Potential Resistance to Antineoplastic Aminated Fullerenes Mediated by M2-Like Monocyte-Derived Exosomes

Exosomes are small extracellular vesicles critical for intercellular signaling via their delivery of cargoes, including proteins, DNA, RNA, lipids, and metabolites. Exosomes play essential roles in remodeling the tumor microenvironment (TME) for tumor growth, metastasis, and drug resistance. Aminated fullerenes (e.g., C(70)-ethylenediamine [EDA]) exhibit antineoplastic effects by targeting multiple functional proteins. Nanosized C(70)-EDA with positive surface charges tends to be taken up by monocytes in the bloodstream and monocyte-derived macrophages in the TME. Herein, the alterations of monocytes and monocyte-derived exosomes by C(70)-EDA have been investigated.
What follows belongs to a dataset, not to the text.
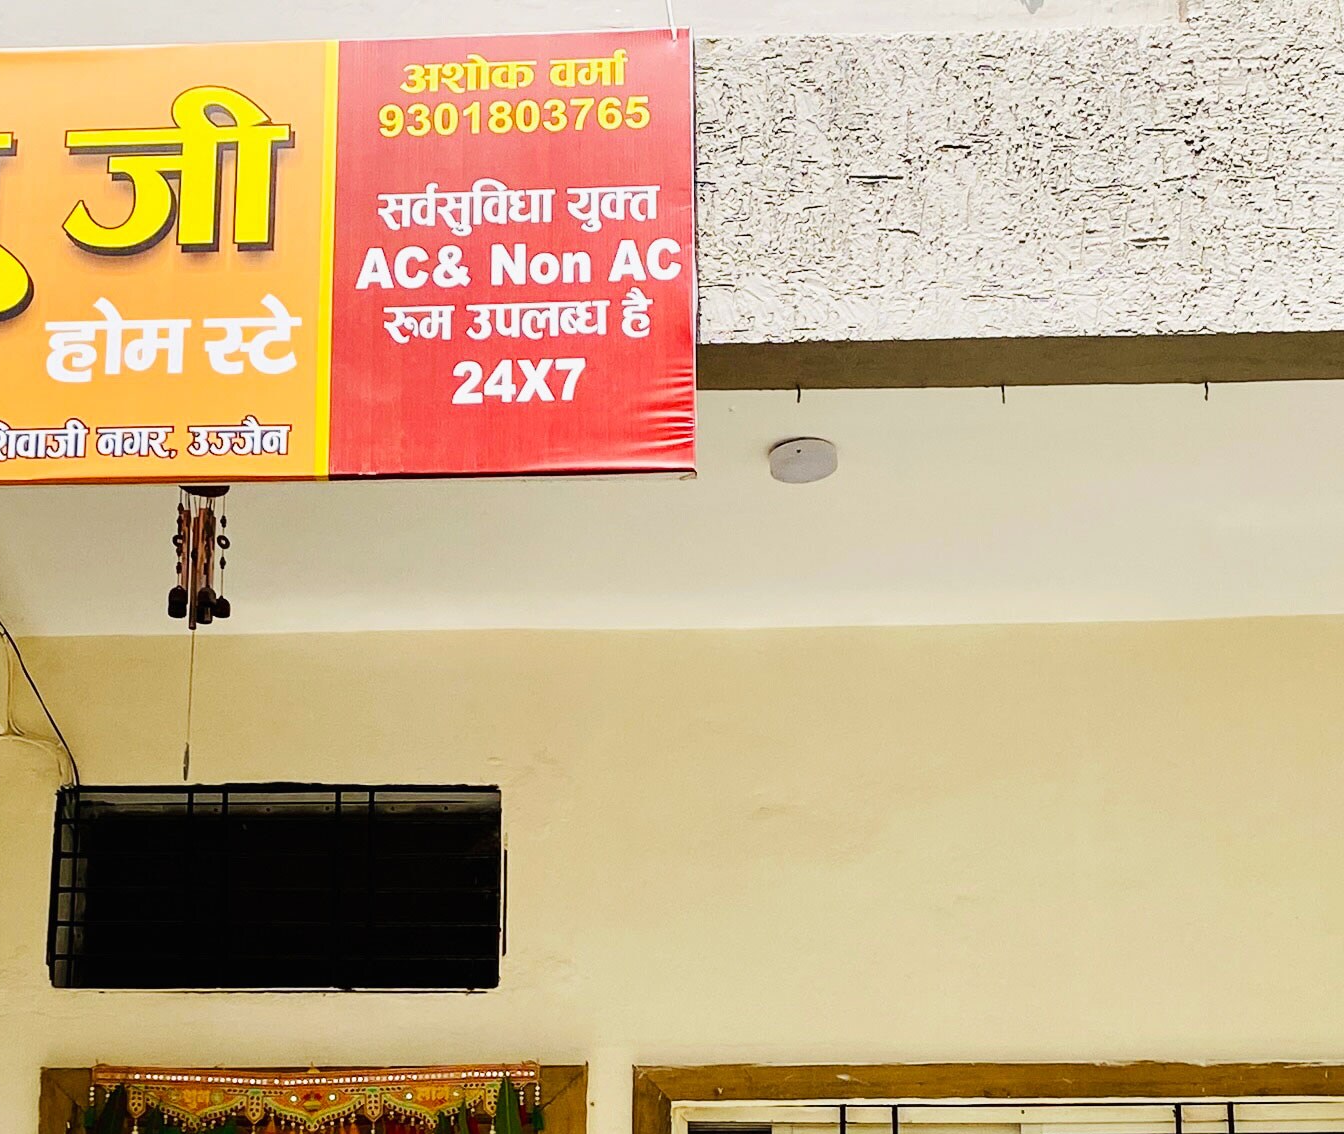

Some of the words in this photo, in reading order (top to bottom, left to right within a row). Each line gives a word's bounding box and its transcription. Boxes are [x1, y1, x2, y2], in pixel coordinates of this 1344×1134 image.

C(70)-EDA reprogramed THP-1 monocyte to an M2-like state and substantially increased the protein content in exosomes secreted by M2-like monocytes. Notably, C(70)-EDA-induced M2-like monocytes released exosomes that triggered the proliferation of recipient tumor cells, which may alleviate the antineoplastic efficacy of C(70)-EDA. As revealed by proteomic profiling of exosomes, this outcome is probably a result of Rho GTPase/p21-activated kinase (PAK) pathway activation in recipient tumor cells induced by upregulated exosomal proteins. This work indicates a promising strategy in which aminated fullerenes can be combined with PAK inhibitors for cancer therapy.